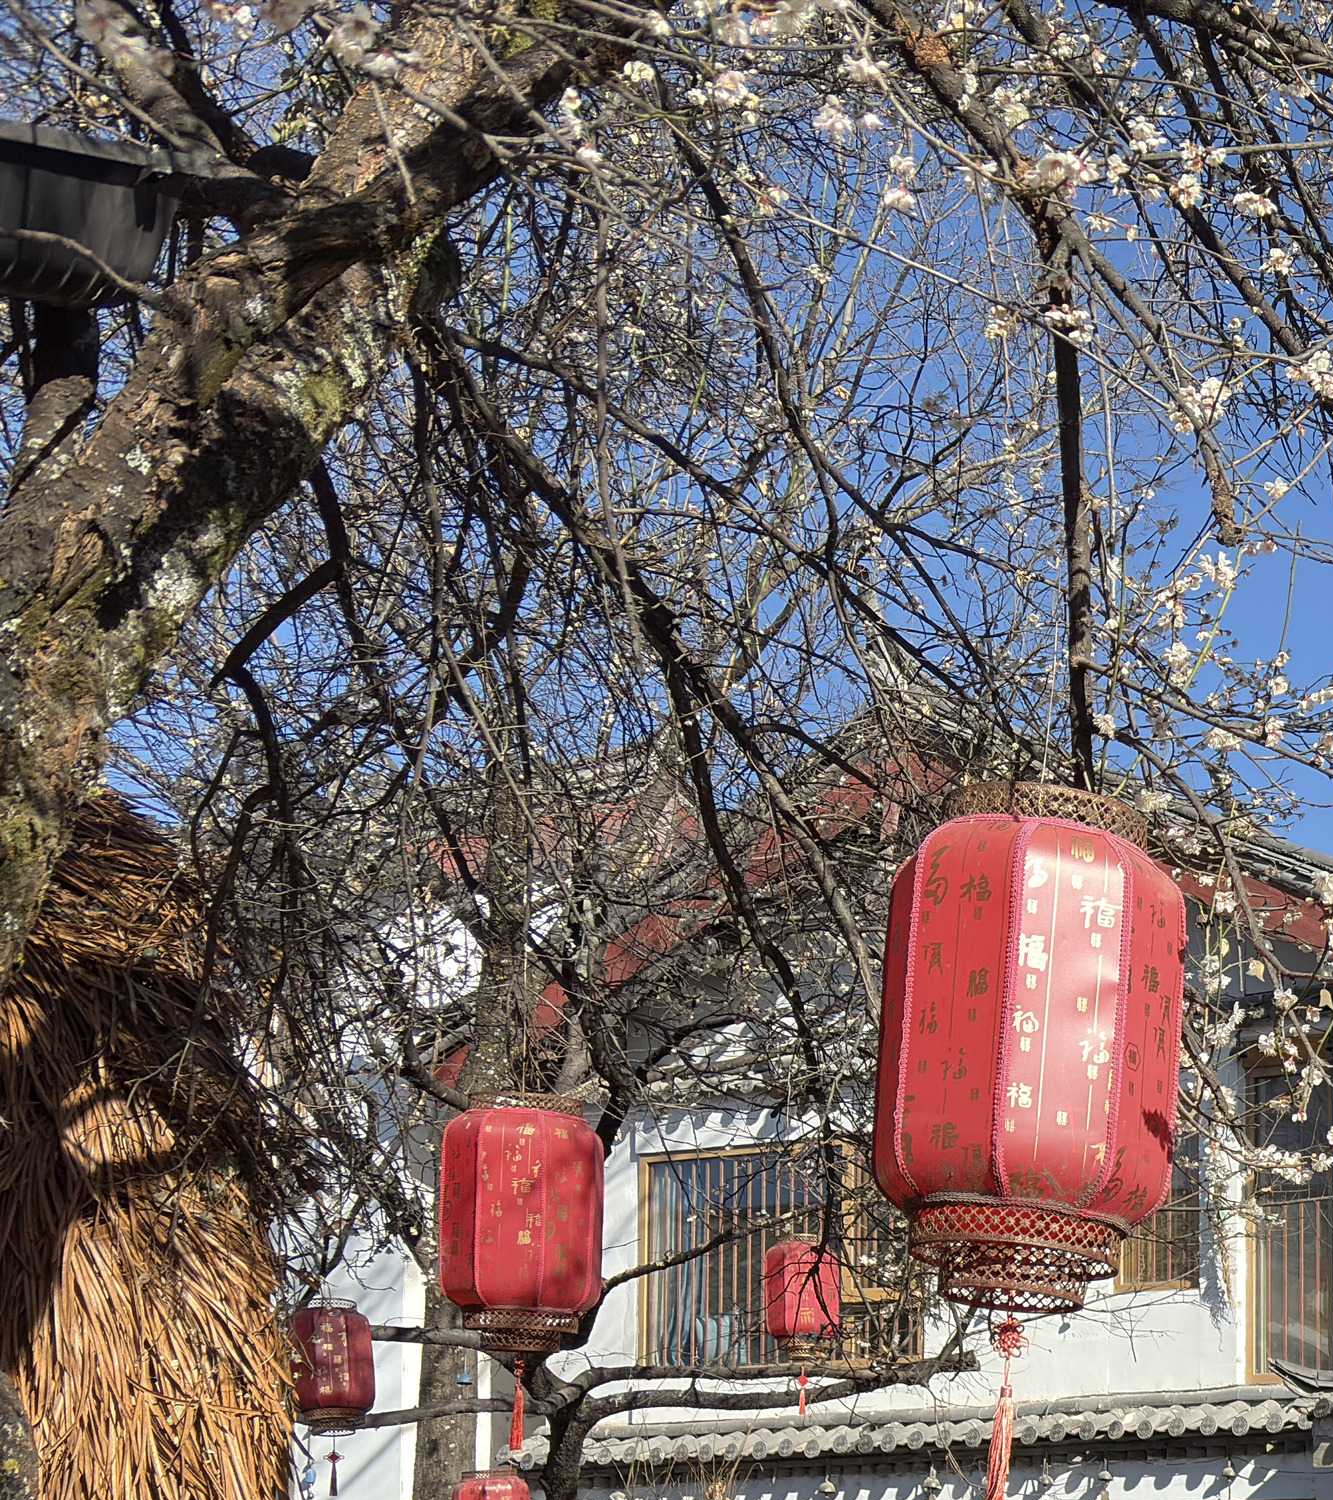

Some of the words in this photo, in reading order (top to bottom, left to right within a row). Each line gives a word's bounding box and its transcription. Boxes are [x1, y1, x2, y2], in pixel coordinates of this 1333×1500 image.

[1071, 836, 1095, 862] 福
[959, 873, 993, 903] 福
[1080, 895, 1123, 928] 福
[1019, 933, 1049, 971] 福
[967, 969, 990, 998] 福
[1141, 965, 1160, 993] 福
[919, 1002, 938, 1034] 福
[1013, 1005, 1039, 1033] 福
[1079, 1028, 1110, 1064] 福
[940, 1048, 967, 1080] 福
[1007, 1083, 1032, 1108] 福
[930, 1122, 959, 1150] 福
[510, 1177, 535, 1195] 福
[517, 1230, 531, 1245] 福
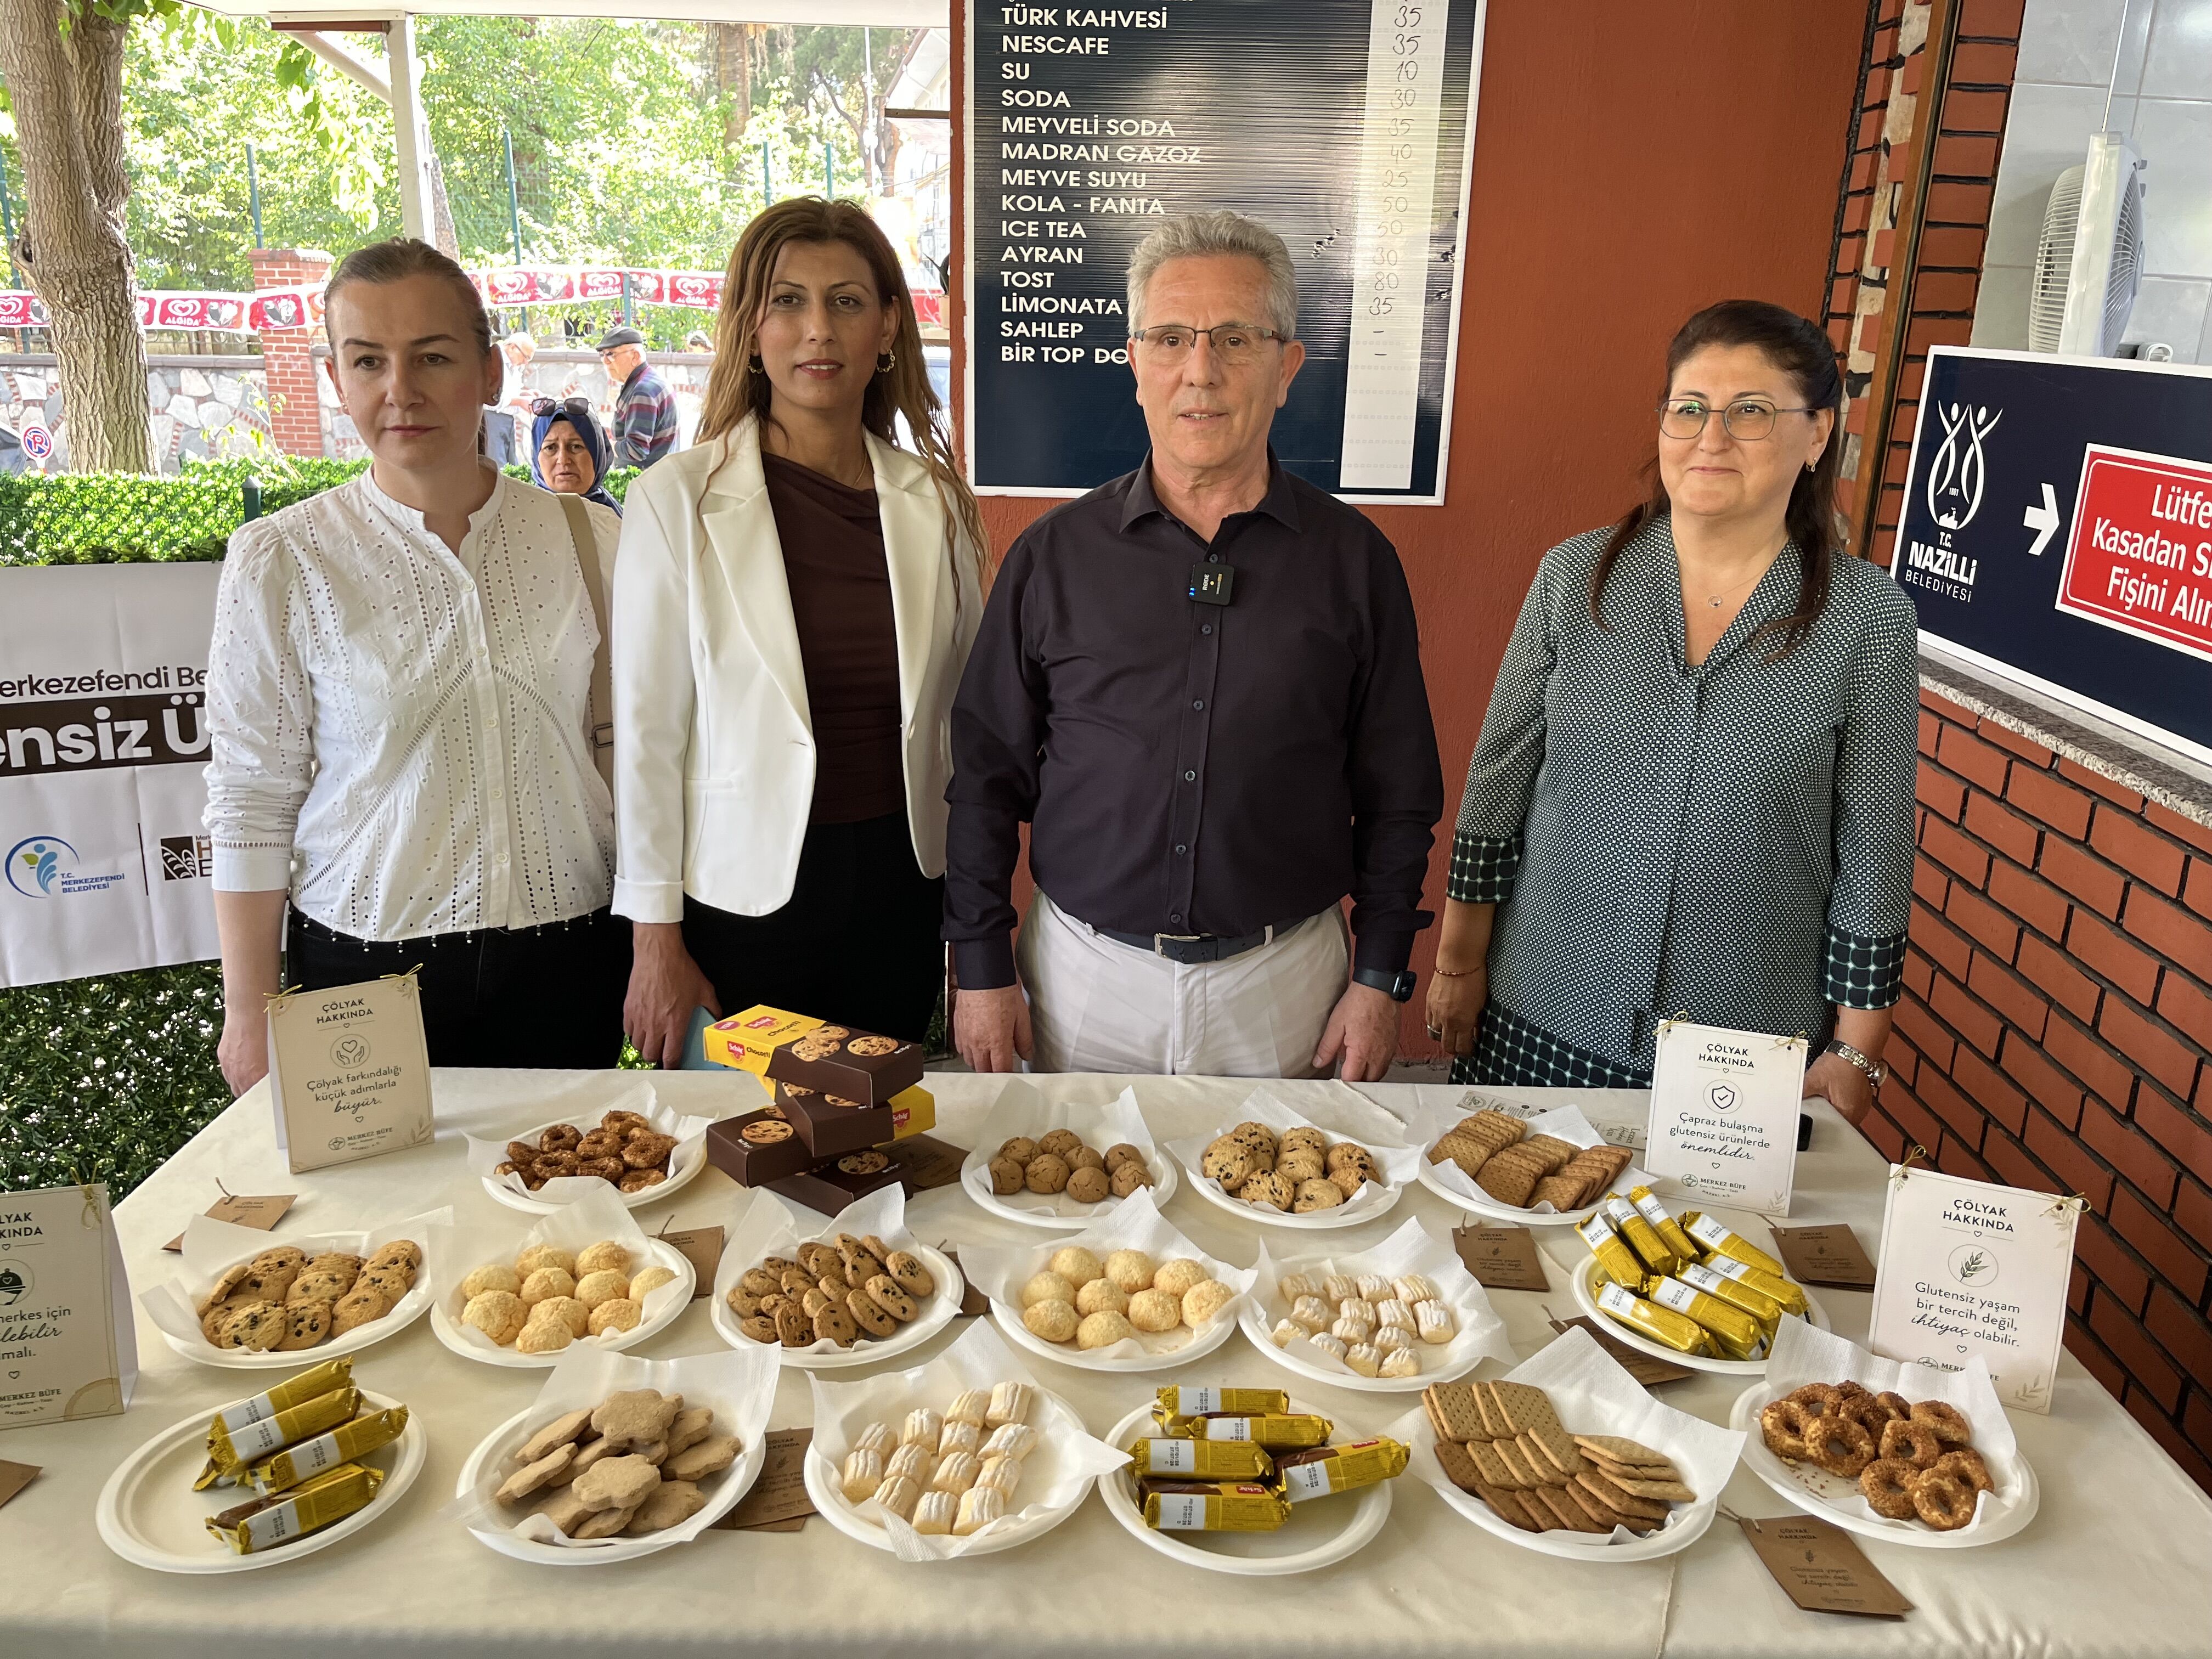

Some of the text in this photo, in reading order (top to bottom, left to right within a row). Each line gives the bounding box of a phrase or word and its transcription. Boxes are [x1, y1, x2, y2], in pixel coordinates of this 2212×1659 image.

[1002, 4, 1167, 28] TÜRK KAHVESİ
[1395, 6, 1422, 27] 35
[1002, 35, 1109, 54] NESCAFE
[1393, 33, 1421, 55] 35
[1001, 63, 1030, 80] SU
[1396, 61, 1418, 82] 10
[1001, 89, 1071, 108] SODA
[1391, 89, 1416, 109] 30
[1002, 114, 1176, 136] MEYVELİ SODA
[1389, 118, 1415, 136] 35
[1002, 142, 1201, 163] MADRAN GAZOZ
[1391, 144, 1412, 164] 40
[1002, 169, 1147, 188] MEYVE SUYU
[1382, 170, 1412, 187] 25
[1002, 194, 1066, 212] KOLA
[1090, 196, 1166, 215] FANTA
[1383, 196, 1408, 212] 50
[1002, 221, 1087, 238] ICE TEA
[1377, 220, 1402, 238] 50
[1001, 246, 1083, 263] AYRAN
[1373, 247, 1397, 266] 30
[1001, 272, 1054, 288] TOST
[1374, 271, 1398, 290] 80
[497, 292, 528, 303] ALGIDA
[587, 286, 620, 297] ALGIDA
[1001, 292, 1123, 314] LİMONATA
[1369, 297, 1395, 315] 35
[165, 316, 199, 326] ALGIDA
[1001, 321, 1084, 338] SAHLEP
[1002, 342, 1128, 364] BİR TOP DO
[1939, 532, 1951, 548] T.C.
[2091, 517, 2186, 571] Kasadan
[1908, 540, 1977, 585] NAZİLLİ
[1905, 569, 1972, 602] BELEDİYESİ
[2107, 566, 2168, 611] Fişini
[0, 666, 169, 697] erkezefendi
[162, 693, 212, 755] Ü
[61, 873, 125, 886] MERKEZEFENDİ
[63, 882, 109, 893] BELEDİYESİ
[322, 998, 365, 1013] ÇÖLYAK
[316, 1008, 374, 1024] HAKKINDA
[1707, 1043, 1749, 1056] ÇÖLYAK
[1699, 1053, 1754, 1068] HAKKINDA
[306, 1065, 402, 1092] Çölyak farkındalığı
[315, 1079, 397, 1102] küçük adımlarla
[1679, 1112, 1763, 1134] Çapraz bulaşma
[1670, 1126, 1770, 1148] glutensiz ürünlerde
[1680, 1141, 1756, 1161] önemlidir.
[1700, 1178, 1727, 1187] MERKEZ
[1953, 1199, 2007, 1217] ÇÖLYAK
[1942, 1211, 2014, 1233] HAKKINDA
[1915, 1282, 2020, 1313] Glutensiz yaşam
[47, 1305, 71, 1321] için
[1916, 1298, 2018, 1331] bir tercih değil,
[1911, 1313, 2019, 1347] ihtiyaç olabilir.
[0, 1389, 62, 1402] MERKEZ BÜFE
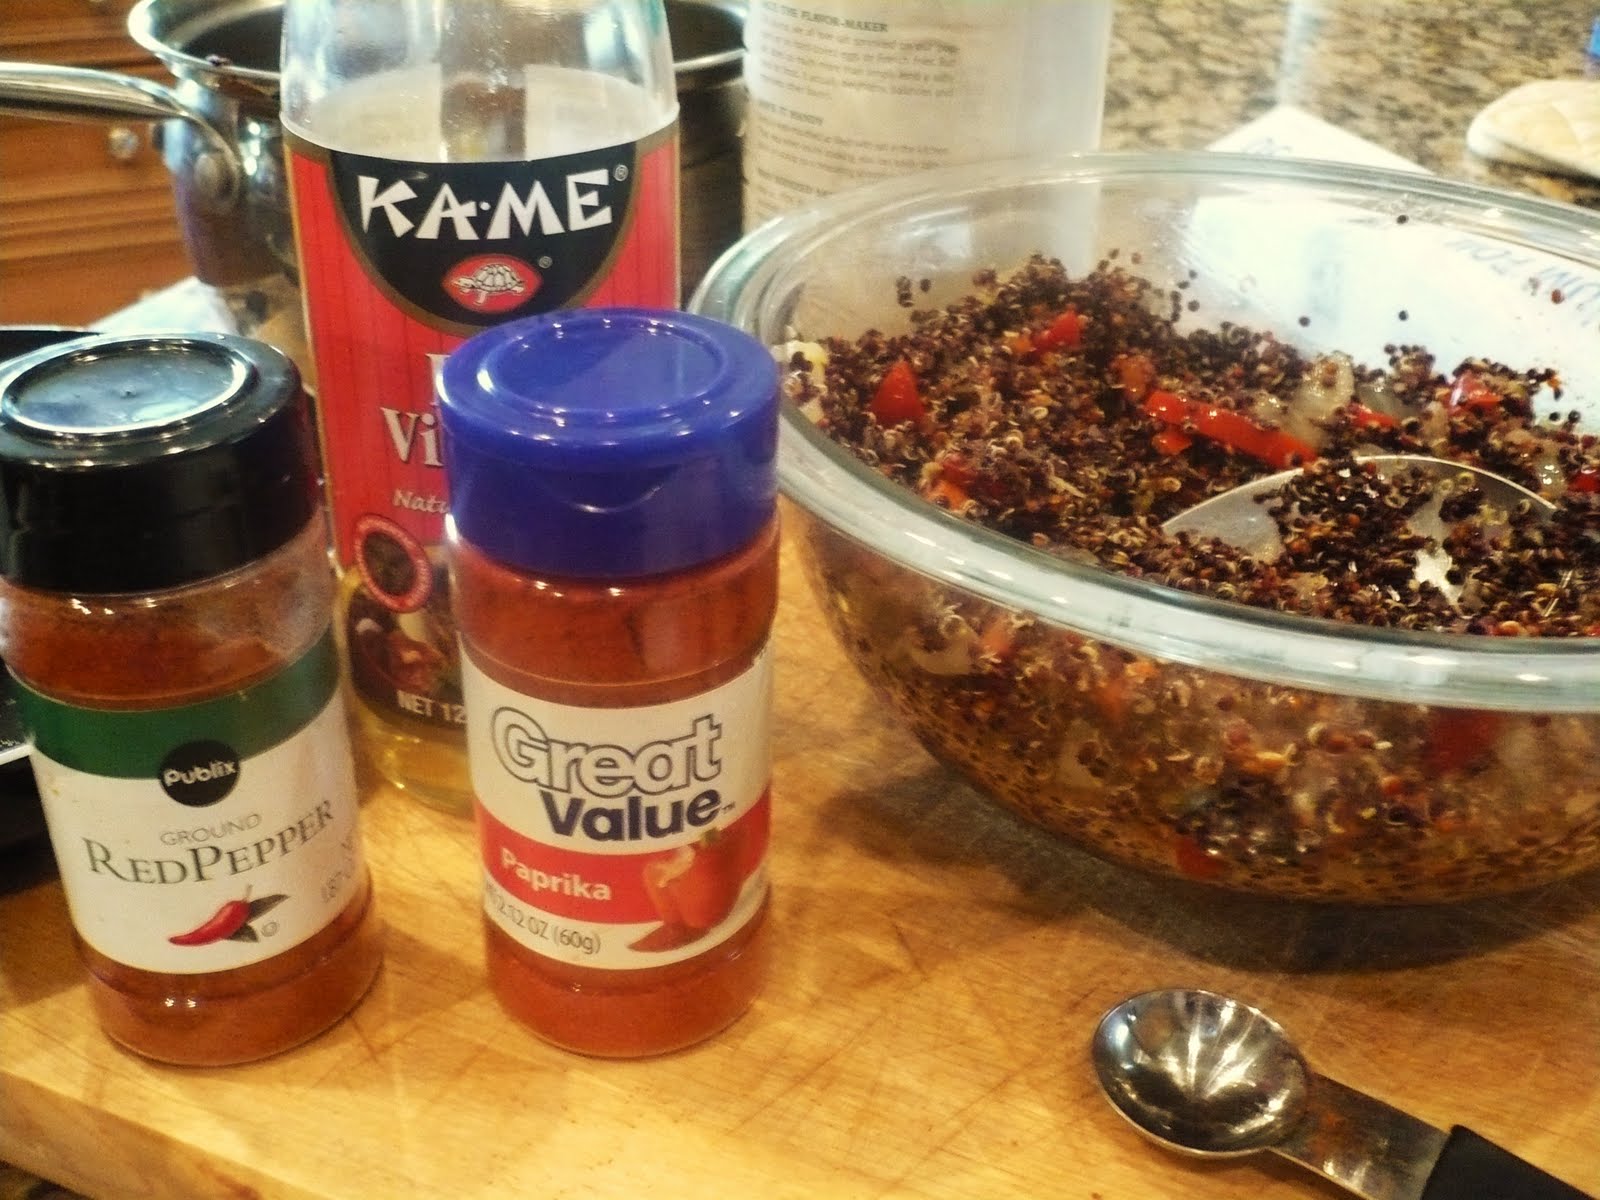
____________________
_Brief:_ Beginning at the line containing "Some of the text", restate every line through the end of the material above exactly; omit the pictures.

_Response to the exercise:_
Some of the text in this photo, in reading order (top to bottom, left to right within a row). Each line gives the bounding box of a phrase or word and its transcription. Boxes are [x1, y1, x2, y2], in pixel coordinates of this 2212×1659 image.

[1002, 4, 1167, 28] TÜRK KAHVESİ
[1395, 6, 1422, 27] 35
[1002, 35, 1109, 54] NESCAFE
[1393, 33, 1421, 55] 35
[1001, 63, 1030, 80] SU
[1396, 61, 1418, 82] 10
[1001, 89, 1071, 108] SODA
[1391, 89, 1416, 109] 30
[1002, 114, 1176, 136] MEYVELİ SODA
[1389, 118, 1415, 136] 35
[1002, 142, 1201, 163] MADRAN GAZOZ
[1391, 144, 1412, 164] 40
[1002, 169, 1147, 188] MEYVE SUYU
[1382, 170, 1412, 187] 25
[1002, 194, 1066, 212] KOLA
[1090, 196, 1166, 215] FANTA
[1383, 196, 1408, 212] 50
[1002, 221, 1087, 238] ICE TEA
[1377, 220, 1402, 238] 50
[1001, 246, 1083, 263] AYRAN
[1373, 247, 1397, 266] 30
[1001, 272, 1054, 288] TOST
[1374, 271, 1398, 290] 80
[497, 292, 528, 303] ALGIDA
[587, 286, 620, 297] ALGIDA
[1001, 292, 1123, 314] LİMONATA
[1369, 297, 1395, 315] 35
[165, 316, 199, 326] ALGIDA
[1001, 321, 1084, 338] SAHLEP
[1002, 342, 1128, 364] BİR TOP DO
[1939, 532, 1951, 548] T.C.
[2091, 517, 2186, 571] Kasadan
[1908, 540, 1977, 585] NAZİLLİ
[1905, 569, 1972, 602] BELEDİYESİ
[2107, 566, 2168, 611] Fişini
[0, 666, 169, 697] erkezefendi
[162, 693, 212, 755] Ü
[61, 873, 125, 886] MERKEZEFENDİ
[63, 882, 109, 893] BELEDİYESİ
[322, 998, 365, 1013] ÇÖLYAK
[316, 1008, 374, 1024] HAKKINDA
[1707, 1043, 1749, 1056] ÇÖLYAK
[1699, 1053, 1754, 1068] HAKKINDA
[306, 1065, 402, 1092] Çölyak farkındalığı
[315, 1079, 397, 1102] küçük adımlarla
[1679, 1112, 1763, 1134] Çapraz bulaşma
[1670, 1126, 1770, 1148] glutensiz ürünlerde
[1680, 1141, 1756, 1161] önemlidir.
[1700, 1178, 1727, 1187] MERKEZ
[1953, 1199, 2007, 1217] ÇÖLYAK
[1942, 1211, 2014, 1233] HAKKINDA
[1915, 1282, 2020, 1313] Glutensiz yaşam
[47, 1305, 71, 1321] için
[1916, 1298, 2018, 1331] bir tercih değil,
[1911, 1313, 2019, 1347] ihtiyaç olabilir.
[0, 1389, 62, 1402] MERKEZ BÜFE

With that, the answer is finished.